Brief> Down to the last line, restate the records word for word, but not the pictures.
____________________
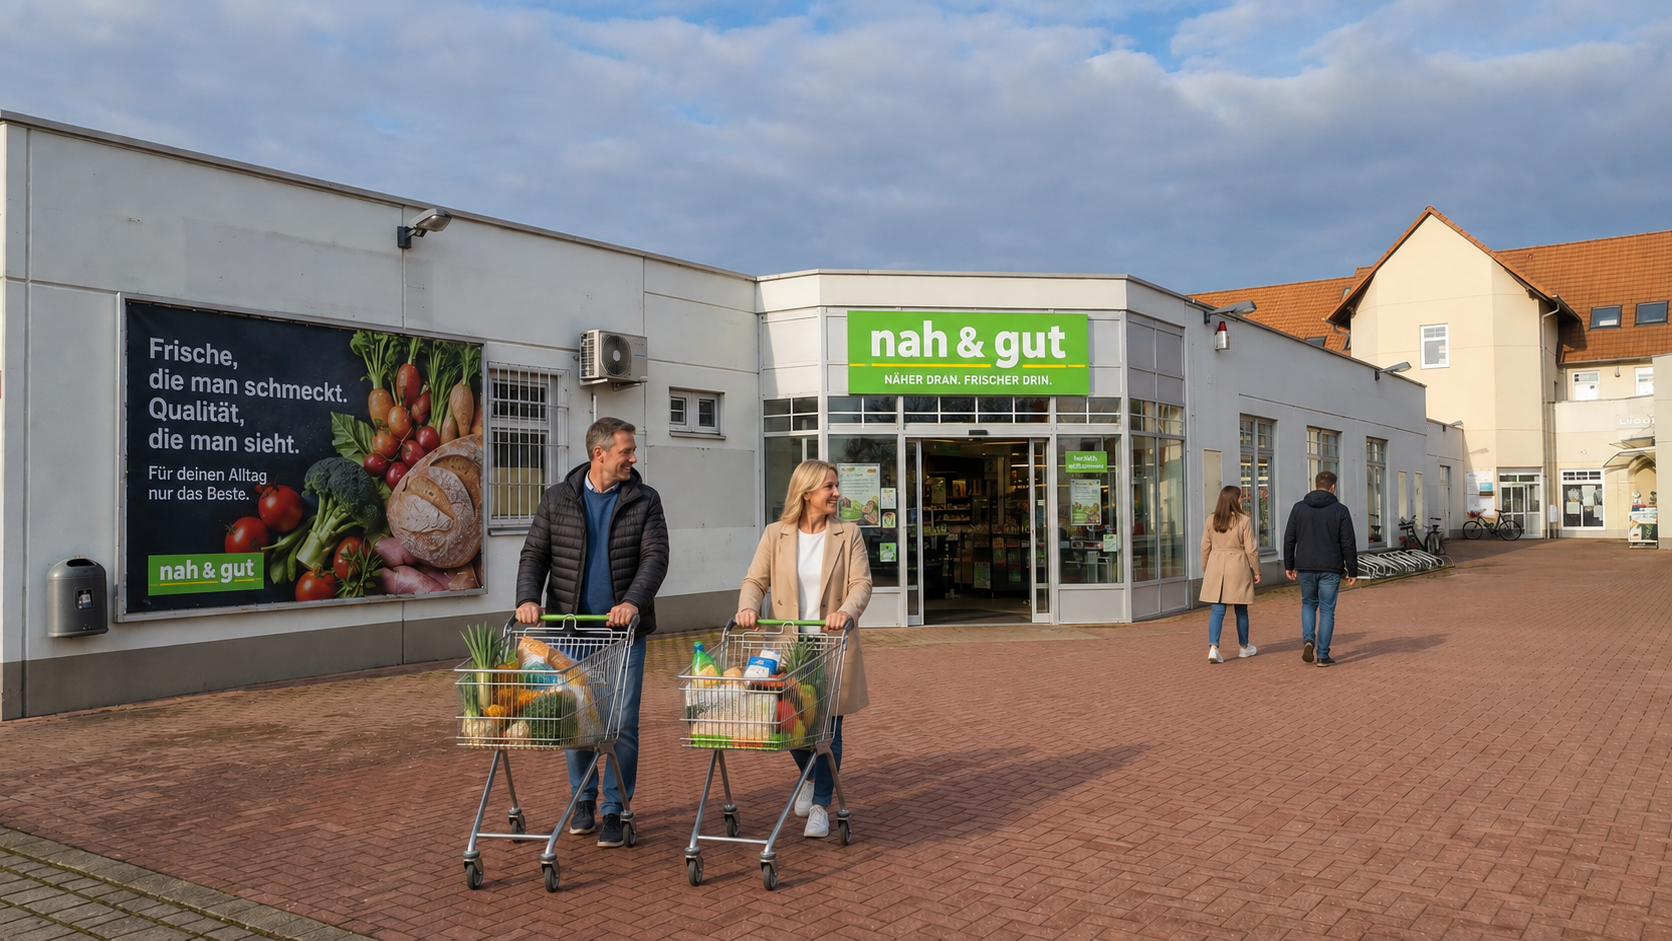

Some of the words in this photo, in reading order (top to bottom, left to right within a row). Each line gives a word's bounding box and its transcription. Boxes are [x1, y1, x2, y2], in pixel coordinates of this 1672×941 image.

[150, 337, 238, 370] Frische,
[871, 320, 948, 357] nah
[957, 326, 985, 358] &
[995, 326, 1067, 368] gut
[149, 368, 184, 391] die
[191, 376, 238, 395] man
[244, 377, 348, 403] schmeckt.
[884, 372, 923, 385] NÄHER
[926, 374, 961, 385] DRAN.
[964, 375, 1019, 386] FRISCHER
[1023, 375, 1052, 386] DRIN.
[149, 397, 245, 427] Qualität,
[149, 427, 184, 450] die
[190, 434, 238, 452] man
[244, 432, 300, 454] sieht.
[148, 465, 174, 480] Für
[177, 466, 225, 481] deinen
[228, 467, 267, 485] Alltag
[148, 488, 174, 500] nur
[177, 485, 203, 500] das
[207, 486, 250, 501] Beste.
[160, 559, 199, 581] nah
[202, 562, 216, 579] &
[220, 559, 255, 584] gut
____________________
Task result>
Some of the words in this photo, in reading order (top to bottom, left to right within a row). Each line gives a word's bounding box and its transcription. Boxes are [x1, y1, x2, y2], in pixel coordinates of this 1672×941 image.

[150, 337, 238, 370] Frische,
[871, 320, 948, 357] nah
[957, 326, 985, 358] &
[995, 326, 1067, 368] gut
[149, 368, 184, 391] die
[191, 376, 238, 395] man
[244, 377, 348, 403] schmeckt.
[884, 372, 923, 385] NÄHER
[926, 374, 961, 385] DRAN.
[964, 375, 1019, 386] FRISCHER
[1023, 375, 1052, 386] DRIN.
[149, 397, 245, 427] Qualität,
[149, 427, 184, 450] die
[190, 434, 238, 452] man
[244, 432, 300, 454] sieht.
[148, 465, 174, 480] Für
[177, 466, 225, 481] deinen
[228, 467, 267, 485] Alltag
[148, 488, 174, 500] nur
[177, 485, 203, 500] das
[207, 486, 250, 501] Beste.
[160, 559, 199, 581] nah
[202, 562, 216, 579] &
[220, 559, 255, 584] gut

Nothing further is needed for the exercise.